## YOUR TASK
Please make an exact copy of the listing, without the pictures.
Start of MATERIAL SUPPLIED
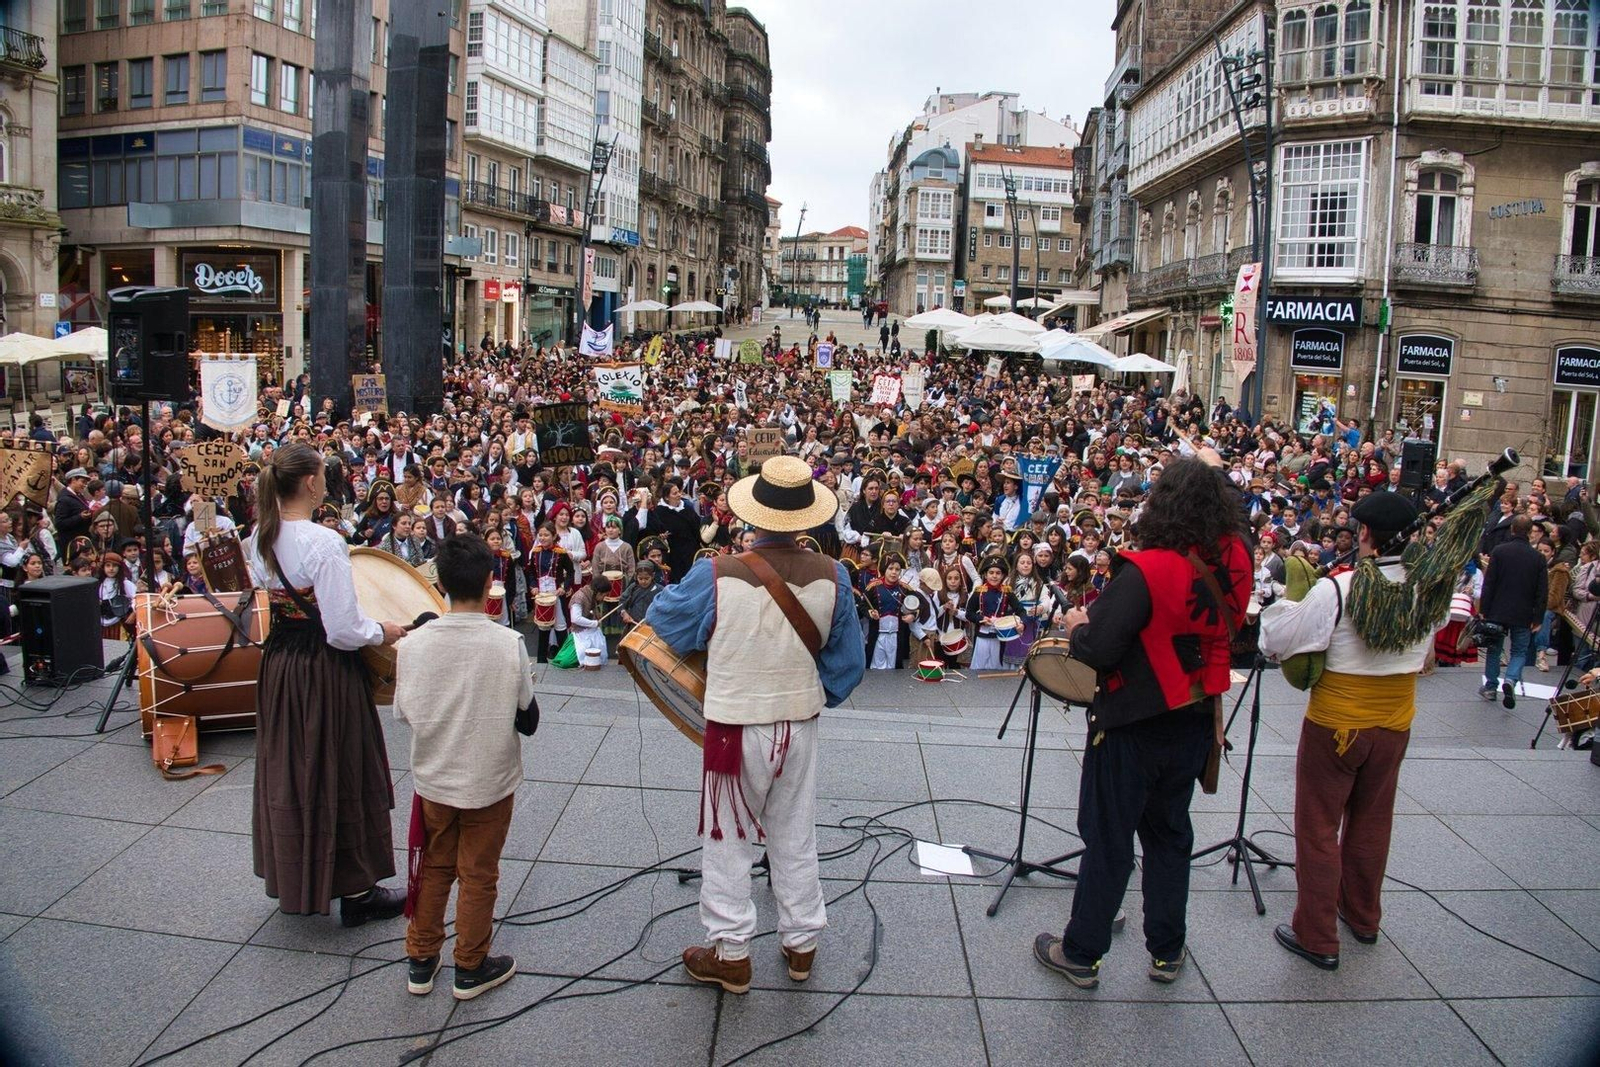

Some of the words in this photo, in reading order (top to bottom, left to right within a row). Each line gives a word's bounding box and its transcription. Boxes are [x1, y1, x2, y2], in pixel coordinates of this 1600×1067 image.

[1488, 199, 1545, 220] COSTURA
[1265, 301, 1355, 322] FARMACIA
[1234, 311, 1251, 345] R
[1295, 340, 1340, 352] FARMACIA
[1402, 345, 1449, 358] FARMACIA
[1314, 353, 1322, 361] del
[1322, 354, 1332, 362] Sol,
[1431, 359, 1441, 367] Sol,
[598, 370, 642, 387] COLEXIO
[755, 432, 776, 443] CEIP
[197, 443, 233, 457] CEIP
[204, 459, 226, 468] SAN
[1028, 464, 1048, 474] CEI
[181, 457, 243, 488] SALVADOR
[194, 486, 228, 497] TEIS
[196, 504, 212, 528] 4
[208, 546, 229, 558] CEIP
End of MATERIAL SUPPLIED
## TASK OUTPUT
Some of the words in this photo, in reading order (top to bottom, left to right within a row). Each line gives a word's bounding box and its transcription. Boxes are [x1, y1, x2, y2], in pixel coordinates of this 1600×1067 image.

[1488, 199, 1545, 220] COSTURA
[1265, 301, 1355, 322] FARMACIA
[1234, 311, 1251, 345] R
[1295, 340, 1340, 352] FARMACIA
[1402, 345, 1449, 358] FARMACIA
[1314, 353, 1322, 361] del
[1322, 354, 1332, 362] Sol,
[1431, 359, 1441, 367] Sol,
[598, 370, 642, 387] COLEXIO
[755, 432, 776, 443] CEIP
[197, 443, 233, 457] CEIP
[204, 459, 226, 468] SAN
[1028, 464, 1048, 474] CEI
[181, 457, 243, 488] SALVADOR
[194, 486, 228, 497] TEIS
[196, 504, 212, 528] 4
[208, 546, 229, 558] CEIP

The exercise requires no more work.